A Few Stories About Water: Salvation

November 1, 2011 1 comment

God’s covenant people, the people who were the promised descendants of Abraham, are stuck in Egypt. Enslaved in Egypt. Through a series of acts of warning, YHWH convinced Pharaoh to let the people of Israel go. So, taking everything they could get their hands on, Israel left. But Pharaoh had seller’s remorse, so he took his army and went after Israel. When he and his army caught up with the Hebrew men, women, and children, they were by the side of the Red Sea. Israel had two options, die or go back to Egypt as slaves.
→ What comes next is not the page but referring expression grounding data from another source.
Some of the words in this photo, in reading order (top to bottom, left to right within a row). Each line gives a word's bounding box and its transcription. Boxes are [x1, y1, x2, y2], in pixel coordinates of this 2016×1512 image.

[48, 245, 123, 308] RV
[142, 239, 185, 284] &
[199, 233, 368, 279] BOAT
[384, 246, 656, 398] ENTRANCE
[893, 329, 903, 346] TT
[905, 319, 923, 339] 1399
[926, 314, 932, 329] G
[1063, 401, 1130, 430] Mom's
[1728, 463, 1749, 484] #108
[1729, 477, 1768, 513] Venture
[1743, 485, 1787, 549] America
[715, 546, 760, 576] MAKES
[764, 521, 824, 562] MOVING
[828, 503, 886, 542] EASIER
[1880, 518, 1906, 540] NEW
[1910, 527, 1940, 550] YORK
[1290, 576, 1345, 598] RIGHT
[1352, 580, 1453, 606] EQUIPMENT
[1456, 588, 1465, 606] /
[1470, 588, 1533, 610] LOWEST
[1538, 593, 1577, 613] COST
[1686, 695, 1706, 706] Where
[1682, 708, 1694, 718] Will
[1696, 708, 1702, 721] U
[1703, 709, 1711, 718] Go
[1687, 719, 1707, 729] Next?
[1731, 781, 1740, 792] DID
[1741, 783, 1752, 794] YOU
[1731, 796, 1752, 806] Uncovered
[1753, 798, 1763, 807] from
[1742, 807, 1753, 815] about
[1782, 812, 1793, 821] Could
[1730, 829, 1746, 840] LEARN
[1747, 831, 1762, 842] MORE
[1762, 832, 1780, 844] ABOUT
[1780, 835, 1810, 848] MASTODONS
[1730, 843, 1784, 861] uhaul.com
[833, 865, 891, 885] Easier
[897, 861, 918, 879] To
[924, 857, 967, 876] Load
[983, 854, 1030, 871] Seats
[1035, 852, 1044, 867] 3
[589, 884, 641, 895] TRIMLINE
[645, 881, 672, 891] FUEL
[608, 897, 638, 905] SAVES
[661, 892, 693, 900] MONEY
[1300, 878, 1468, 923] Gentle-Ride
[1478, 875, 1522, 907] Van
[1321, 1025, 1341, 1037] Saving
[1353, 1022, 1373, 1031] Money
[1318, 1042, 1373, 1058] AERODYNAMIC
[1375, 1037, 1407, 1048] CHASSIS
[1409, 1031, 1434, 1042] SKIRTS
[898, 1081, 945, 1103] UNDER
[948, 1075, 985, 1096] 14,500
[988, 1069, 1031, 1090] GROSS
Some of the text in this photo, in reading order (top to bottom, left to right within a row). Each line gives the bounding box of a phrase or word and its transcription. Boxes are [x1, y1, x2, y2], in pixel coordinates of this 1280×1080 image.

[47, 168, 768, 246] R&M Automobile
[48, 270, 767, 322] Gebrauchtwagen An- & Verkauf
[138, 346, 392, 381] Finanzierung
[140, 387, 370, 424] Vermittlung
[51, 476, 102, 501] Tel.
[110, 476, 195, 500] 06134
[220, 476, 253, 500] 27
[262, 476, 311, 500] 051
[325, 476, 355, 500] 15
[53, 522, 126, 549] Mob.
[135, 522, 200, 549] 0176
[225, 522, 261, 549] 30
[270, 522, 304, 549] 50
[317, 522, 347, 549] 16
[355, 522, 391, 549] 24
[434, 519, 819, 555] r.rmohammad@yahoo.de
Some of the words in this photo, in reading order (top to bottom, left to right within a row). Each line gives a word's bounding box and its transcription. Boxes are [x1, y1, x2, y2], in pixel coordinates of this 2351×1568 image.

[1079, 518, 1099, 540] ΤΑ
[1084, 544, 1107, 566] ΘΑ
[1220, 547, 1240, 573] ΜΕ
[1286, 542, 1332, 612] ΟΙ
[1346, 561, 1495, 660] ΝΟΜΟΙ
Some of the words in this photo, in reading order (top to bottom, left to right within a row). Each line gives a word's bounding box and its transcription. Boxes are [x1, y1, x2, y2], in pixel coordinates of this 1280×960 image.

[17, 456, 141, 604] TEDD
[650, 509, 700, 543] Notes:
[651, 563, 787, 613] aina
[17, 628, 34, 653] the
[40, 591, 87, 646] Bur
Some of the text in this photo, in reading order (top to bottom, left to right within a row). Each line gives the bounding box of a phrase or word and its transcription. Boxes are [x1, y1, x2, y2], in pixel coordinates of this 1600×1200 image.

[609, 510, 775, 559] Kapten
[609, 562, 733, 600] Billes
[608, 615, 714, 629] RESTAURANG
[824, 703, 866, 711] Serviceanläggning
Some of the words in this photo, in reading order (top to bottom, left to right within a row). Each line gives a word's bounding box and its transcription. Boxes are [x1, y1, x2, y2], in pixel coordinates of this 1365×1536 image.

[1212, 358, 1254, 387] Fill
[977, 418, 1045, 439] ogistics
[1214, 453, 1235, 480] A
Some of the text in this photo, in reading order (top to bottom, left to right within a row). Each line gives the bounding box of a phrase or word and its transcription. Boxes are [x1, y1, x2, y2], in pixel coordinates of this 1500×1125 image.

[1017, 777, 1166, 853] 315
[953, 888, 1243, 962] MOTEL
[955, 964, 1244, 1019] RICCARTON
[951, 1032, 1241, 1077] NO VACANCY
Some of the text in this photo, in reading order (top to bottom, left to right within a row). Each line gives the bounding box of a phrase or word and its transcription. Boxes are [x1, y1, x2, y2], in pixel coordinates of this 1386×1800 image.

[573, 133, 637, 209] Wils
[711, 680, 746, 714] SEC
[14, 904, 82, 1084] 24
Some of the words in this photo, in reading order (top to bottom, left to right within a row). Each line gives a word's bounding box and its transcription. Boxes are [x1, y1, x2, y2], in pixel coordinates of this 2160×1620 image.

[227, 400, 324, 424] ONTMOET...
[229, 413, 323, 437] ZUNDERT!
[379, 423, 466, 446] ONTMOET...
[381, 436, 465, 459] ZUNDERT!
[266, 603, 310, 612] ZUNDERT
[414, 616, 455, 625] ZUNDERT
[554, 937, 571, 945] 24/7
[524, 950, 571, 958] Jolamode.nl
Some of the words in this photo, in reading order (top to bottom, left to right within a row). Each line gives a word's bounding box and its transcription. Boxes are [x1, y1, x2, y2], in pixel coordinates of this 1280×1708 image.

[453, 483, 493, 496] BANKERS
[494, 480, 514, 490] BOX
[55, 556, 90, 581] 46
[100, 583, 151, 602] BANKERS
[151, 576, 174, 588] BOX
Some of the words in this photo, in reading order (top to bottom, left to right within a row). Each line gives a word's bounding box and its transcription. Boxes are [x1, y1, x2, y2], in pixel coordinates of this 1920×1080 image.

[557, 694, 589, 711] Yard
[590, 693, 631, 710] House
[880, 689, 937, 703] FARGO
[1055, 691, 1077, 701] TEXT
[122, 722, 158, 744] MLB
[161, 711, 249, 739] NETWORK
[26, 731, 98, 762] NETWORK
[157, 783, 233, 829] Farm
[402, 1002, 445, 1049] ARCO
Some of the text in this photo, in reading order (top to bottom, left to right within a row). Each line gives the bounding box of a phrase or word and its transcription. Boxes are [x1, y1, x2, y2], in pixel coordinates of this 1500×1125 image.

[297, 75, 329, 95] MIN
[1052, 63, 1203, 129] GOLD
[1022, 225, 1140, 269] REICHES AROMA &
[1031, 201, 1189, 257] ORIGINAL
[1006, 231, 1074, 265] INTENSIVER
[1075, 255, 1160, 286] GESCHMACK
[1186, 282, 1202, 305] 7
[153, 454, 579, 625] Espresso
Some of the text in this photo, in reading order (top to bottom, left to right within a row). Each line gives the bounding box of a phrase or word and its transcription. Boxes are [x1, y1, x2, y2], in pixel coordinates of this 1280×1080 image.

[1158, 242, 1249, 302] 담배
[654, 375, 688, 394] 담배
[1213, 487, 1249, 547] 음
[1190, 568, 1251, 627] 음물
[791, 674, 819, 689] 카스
There was no hope. There was no way humanly possible for Israel to cross the massive body of water. God we would have to intervene. Moses spread his arms over the sea and YHWH divided the waters. Land appeared. The water that would have brought them death was now their way into a new life. The overwhelming and deadly sea was rendered impotent because God did something he had done before. He gathered the waters together so there was dry land for humanity. By the hand of the Creator, through these divided waters Israel walked. From the deadness of a life in slavery, they walked to new life.

I don’t think we’re supposed to read the Red Sea story and think “hey, this is just like creation!” It’s not. But we are supposed to see the parallels. Israel surely did. There aren’t that many points in Scripture where we have this same imagery of the water dividing. The imagery of God’s manner of salvation is the same in the story of the Red Sea as it is in the story of Noah. Dry land appears where once there was only a world of water. The entire world isn’t being remade when Israel walks across dry land, but Israel is walking from slavery into a new life in a new world. It is a magnificent act of God that preserves his image in His creation. As we saw in the Noah story, a part of this preservation of God’s image is eliminating those things on earth that are distorting his image and destroying his image.

After Israel had crossed through the Red Sea on dry land, they still had a serious problem. Pharaoh and his armies were still pursuing them. Pharaoh was still set on taking them back to Egypt into slavery. While the Egyptians were between the waters, Moses spread his arms again and YHWH closed the waters over the Egyptian armies and they died in the water. God was saving His image from the distorters and enslavers of His image. And He used water to do it.

Flood anyone? It’s not the same. God isn’t flooding the whole world. He isn’t getting rid of everyone. But it’s very similar. In both stories God uses water to destroy those people who were ruining Creation. He got rid of those people who were messing up the world in order to make the world better. He eliminated those who were destroying the innocent. In both stories the people of God come out of the same water that God used to destroy others. In both stories, God’s image in humanity is being repressed, controlled, ruled over, ruined, and distorted and through Creator acts, God preserves what makes humanity human.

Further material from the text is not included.